His clicking distracted me again, and I looked over to see a strange sketchpad box where the dragon fire changed from purple to green.
“Wait,” I said, frowning. “Are you
making
that game with the dragon?”
“Yeah,” he said absently. “I'm still working out the kinks. I didn't create the engine or anything. I just developed the game.”
Okay, this was a boy with serious skills.
“What do your parents do?” I asked.
“They're Fister Pharmaceuticals.”
“Come again?”
“My mom's a biochemist. She started the company,” Burnham said. “My dad invested and expanded it.”
“You should get them to supply the sleeping pills for the Forge School,” I said. “They'd make a mint.”
“They already do.”
Of course they do,
I thought. I was such a genius. How did I not put this together? Fister was a major advertiser on the show.
Burnham took off his glasses and polished the lenses with the bottom of his shirt. It was an old shirt, a button-down that had once been red, but had faded to a soft, cottony color. He also wore an analog watch with a rectangular face. Nobody wore watches except old men. And Burnham, apparently. Burnham had to be richer than he looked. A lot richer. Burnham could wear whatever he pleased.
“Awkward,” I said.
He squinted as he put his glasses back on. “Might as well say it. You think I'm here because of my connections.”
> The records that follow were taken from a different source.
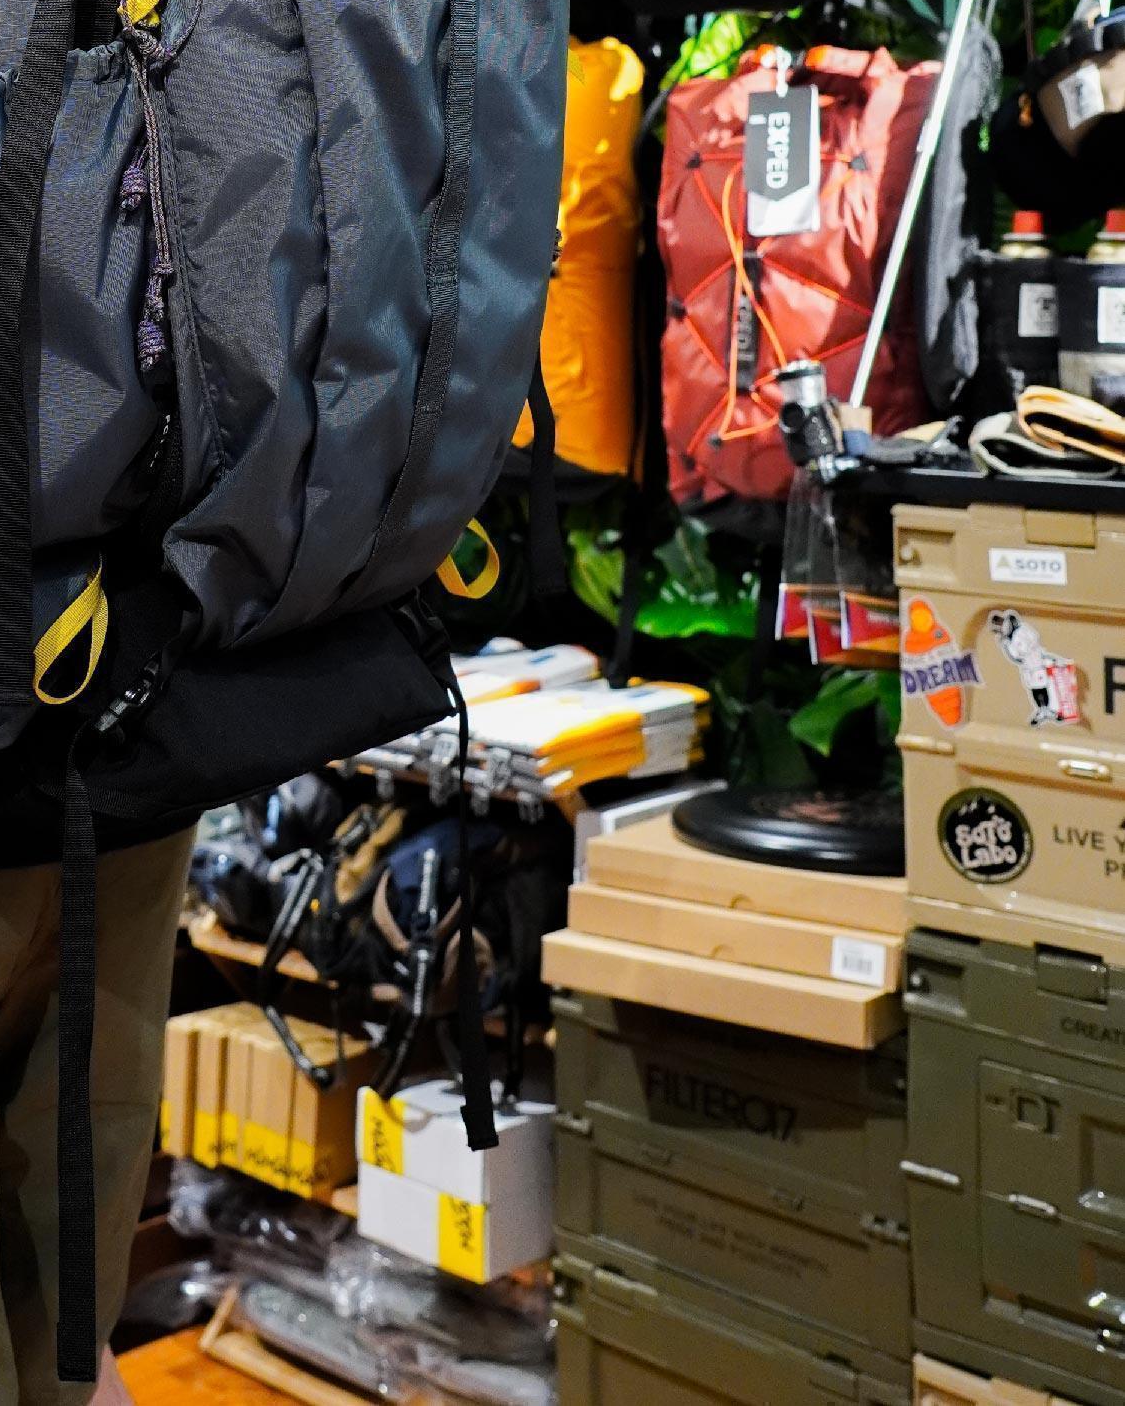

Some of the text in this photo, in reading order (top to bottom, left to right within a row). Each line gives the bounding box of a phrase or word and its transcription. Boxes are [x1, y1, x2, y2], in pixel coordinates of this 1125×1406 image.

[765, 111, 791, 190] EXPED
[1015, 558, 1062, 573] SOTO
[903, 653, 979, 694] DREAM
[1052, 823, 1105, 852] LIVE
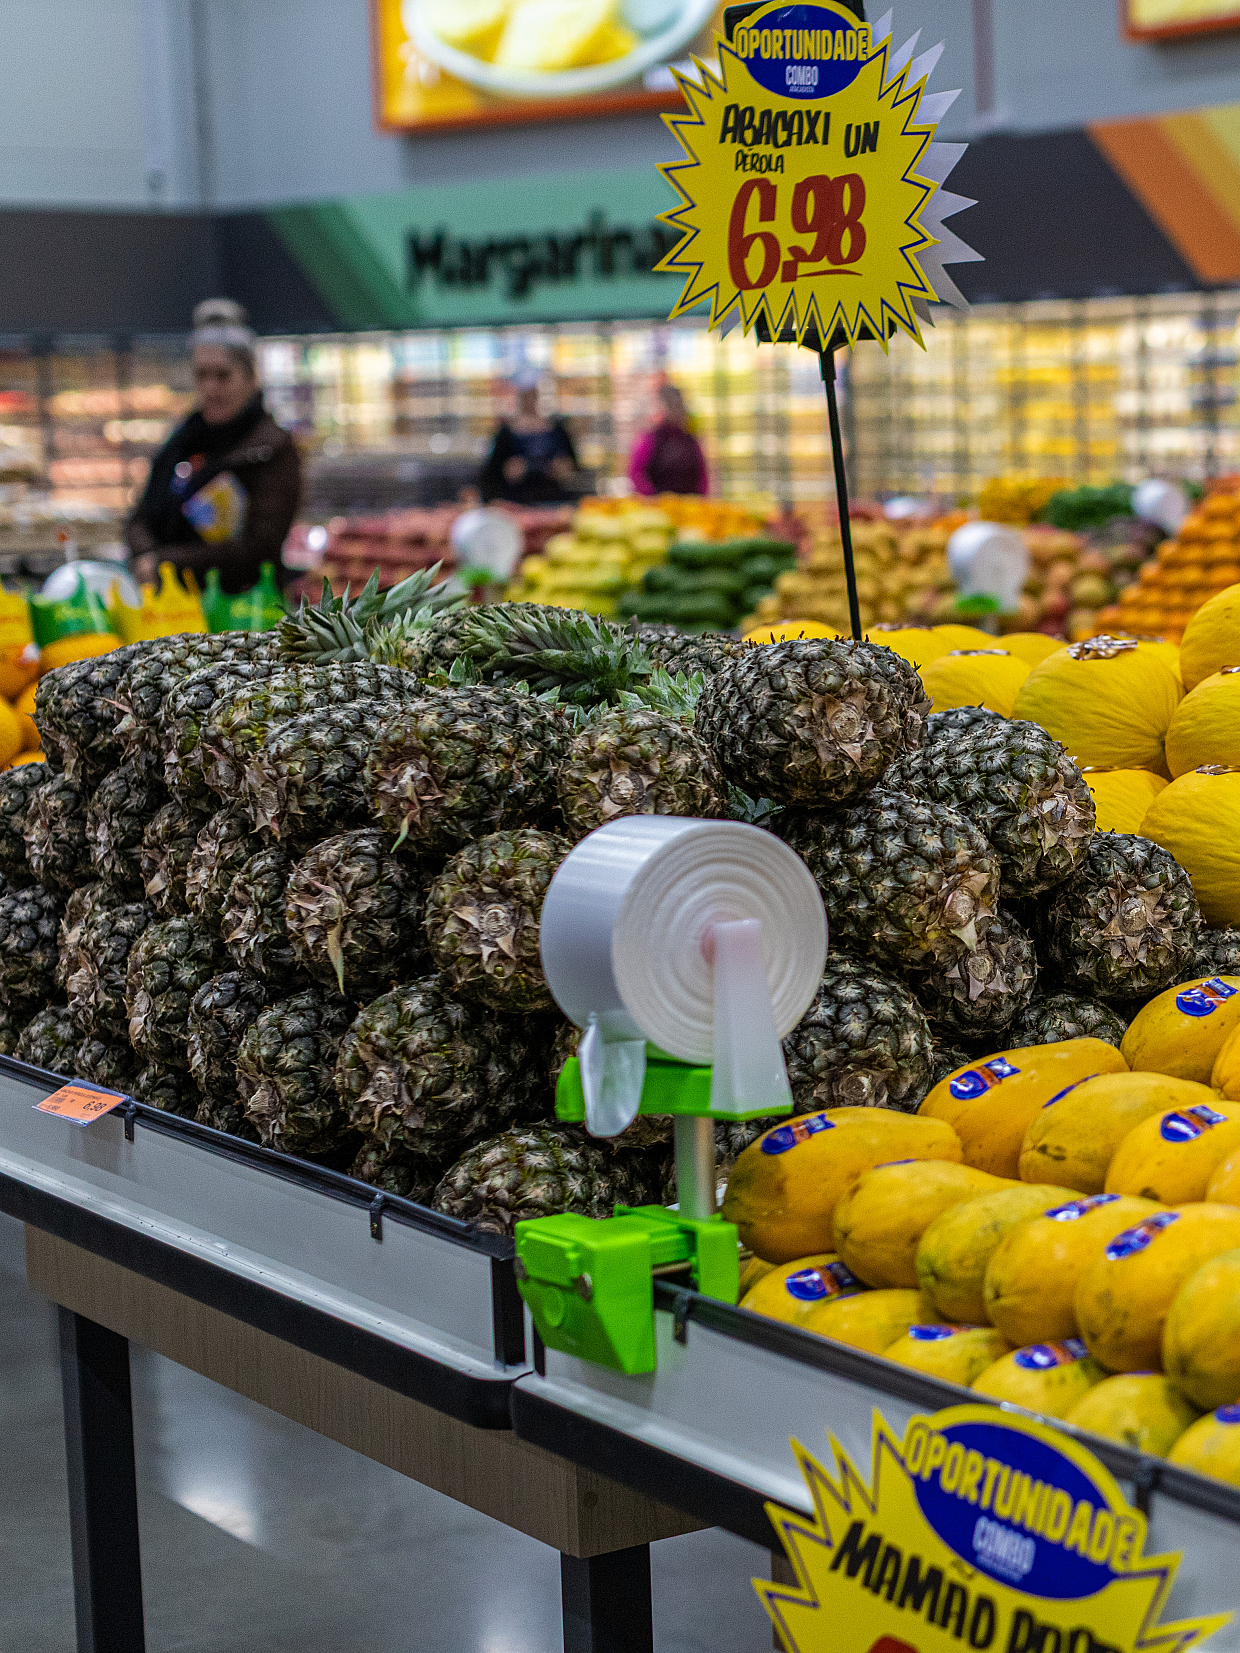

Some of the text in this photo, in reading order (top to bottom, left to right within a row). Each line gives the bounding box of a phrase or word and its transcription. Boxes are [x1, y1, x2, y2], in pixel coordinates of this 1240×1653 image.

[736, 27, 868, 61] OPORTUNIDADE
[786, 65, 819, 86] COMBO
[718, 103, 880, 158] ABACAXI UN
[904, 1422, 1136, 1574] OPORTUNIDADE
“Actually, I was just wondering how rich you are. How classy is that?”
“Real classy,” he said, laughing.
“Do you take the same pills the rest of us do?” I asked.
“Yes, of course. Why?”
“I don't know.” I was thinking about Janice's seizure again, and the track mark in my own arm. “Is it purely the sleep that's supposed to make us more creative, or is there something in the pill that does?”
“It's just the sleep,” Burnham said. “If the pill could make people more creative, we'd be selling it by the millions.”
“You don't sell a lot just as sleeping pills?” I asked.
“Well,” he said, “we do.”
I laughed. I had a ton of questions, now that I thought about it. “Why does the school make us sleep for twelve hours?” I asked. “It can't be just for the convenience of the repeat cycle.” One of the distinctive features of
The Forge Show
was that it showed the exact same footage twice, once as it happened live during the day, straight through for twelve hours, and again at night, while the students were asleep. Viewers could watch the same or different student feeds the second time through, focusing on their favorite moments of interaction.
“The twelve hours came out of a study the Forge School commissioned back when they were trying to find the optimal amount of sleep for creativity,” Burnham said.
“When was that?” I asked.
“Back before we were born. I'm thinking eighteen or twenty years ago?” he said. “The rationale is that we're on a kind of hyper-life during the day while we're here. We'd burn out without enough sleep. You get tired by six, don't you?”
“Yes,” I said. “Definitely.”
“There you go.”
I wondered if Burnham had any idea why a student would have seizures, but it seemed unwise to ask him in front of the cameras. I glanced out the window. Across a narrow courtyard, inside the glass walls of a ballet studio, a class was practicing at the barre. The dancers arched their arms over their heads, all in synch, like models for a Degas painting, but without the tutus. I wished I had my video camera with me to capture the movement.